PROBLEM ::
From the first line to the last, repeat the records exactly and skip the pictures.

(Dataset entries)
_ _ _ _

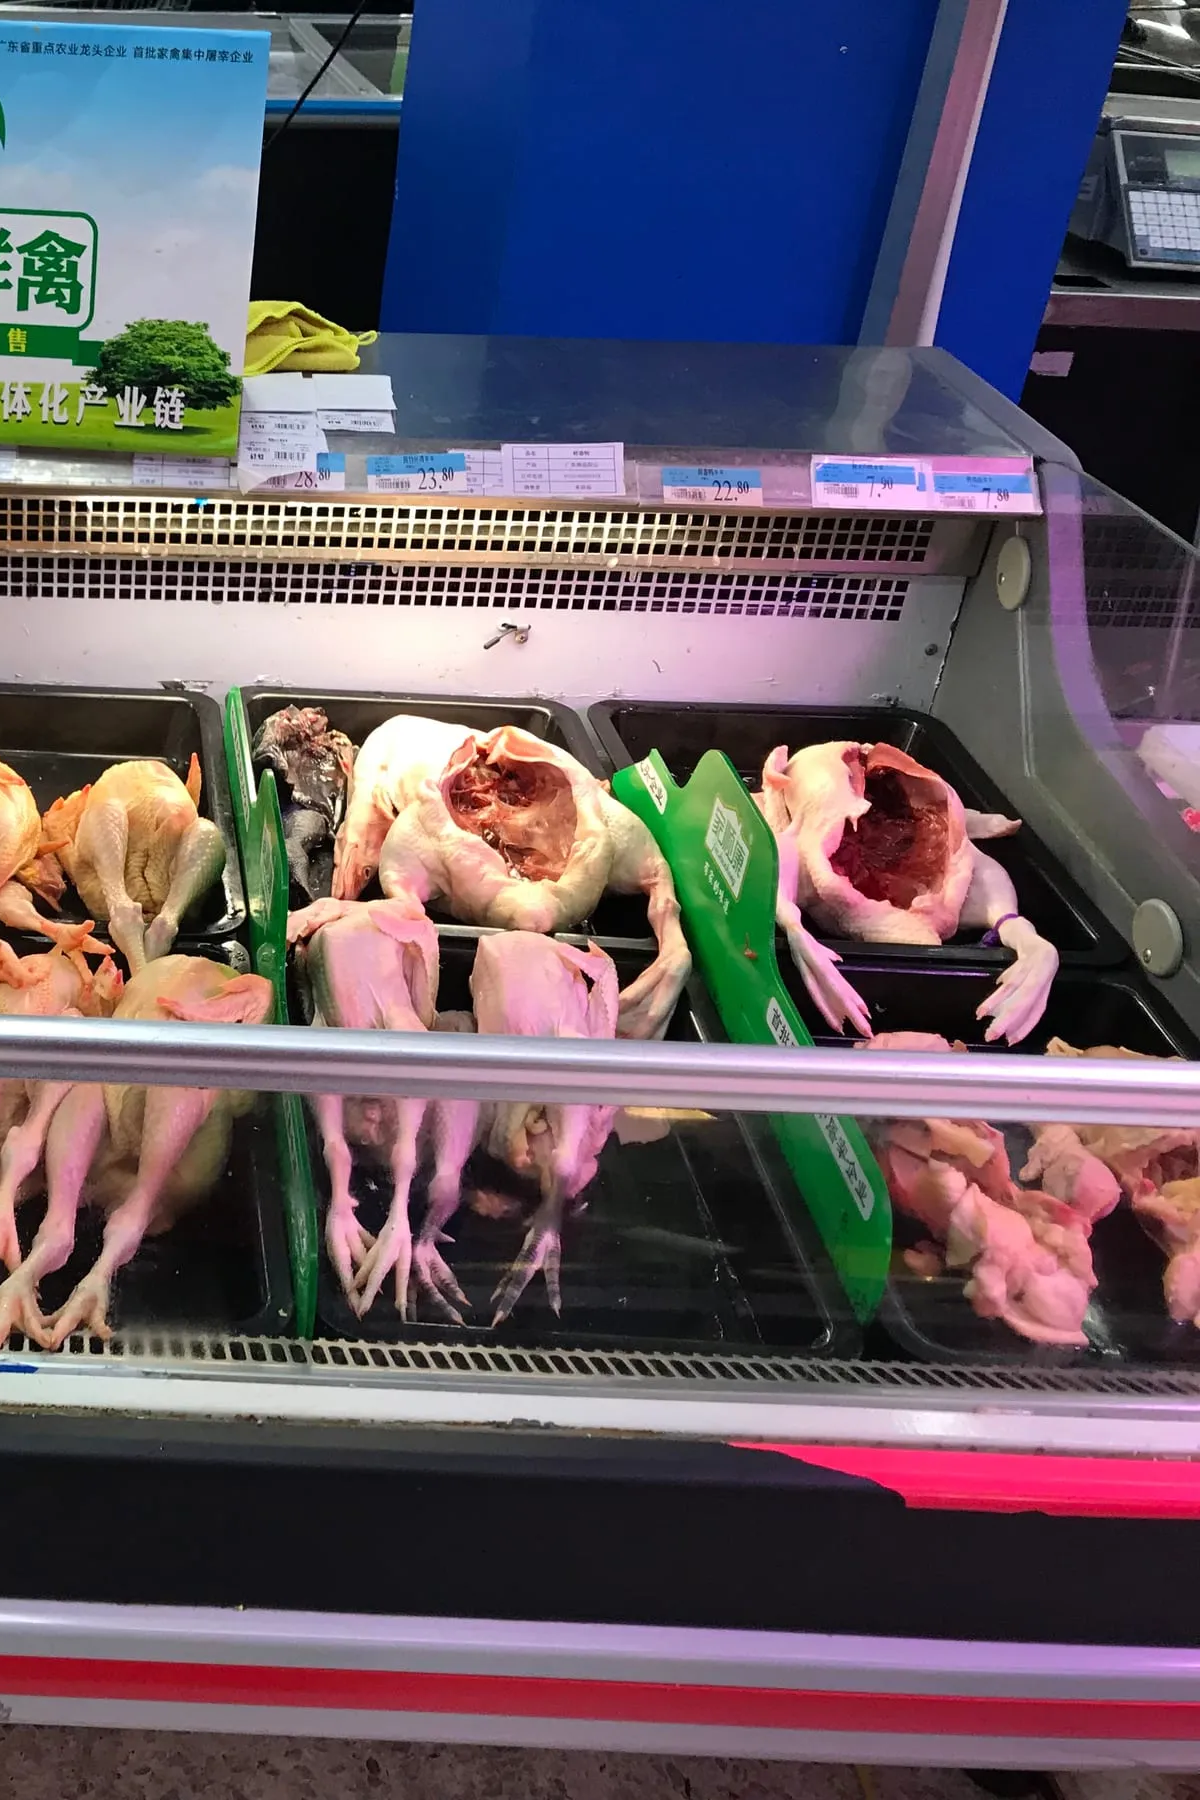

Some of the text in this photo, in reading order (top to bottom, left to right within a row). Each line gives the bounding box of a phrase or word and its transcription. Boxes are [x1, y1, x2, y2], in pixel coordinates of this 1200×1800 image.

[133, 47, 253, 63] 首批家禽集中屠宰企业
[294, 467, 331, 488] 28.80
[418, 467, 454, 490] 23.80
[867, 476, 893, 497] 7.90
[712, 480, 749, 501] 22.80
[982, 487, 1009, 509] 7.80
[772, 1007, 796, 1048] 首批
[820, 1115, 866, 1208] 屠宰企业

_ _ _ _

SOLUTION TO THE EXERCISE ::
Some of the text in this photo, in reading order (top to bottom, left to right within a row). Each line gives the bounding box of a phrase or word and its transcription. Boxes are [x1, y1, x2, y2], in pixel coordinates of this 1200×1800 image.

[133, 47, 253, 63] 首批家禽集中屠宰企业
[294, 467, 331, 488] 28.80
[418, 467, 454, 490] 23.80
[867, 476, 893, 497] 7.90
[712, 480, 749, 501] 22.80
[982, 487, 1009, 509] 7.80
[772, 1007, 796, 1048] 首批
[820, 1115, 866, 1208] 屠宰企业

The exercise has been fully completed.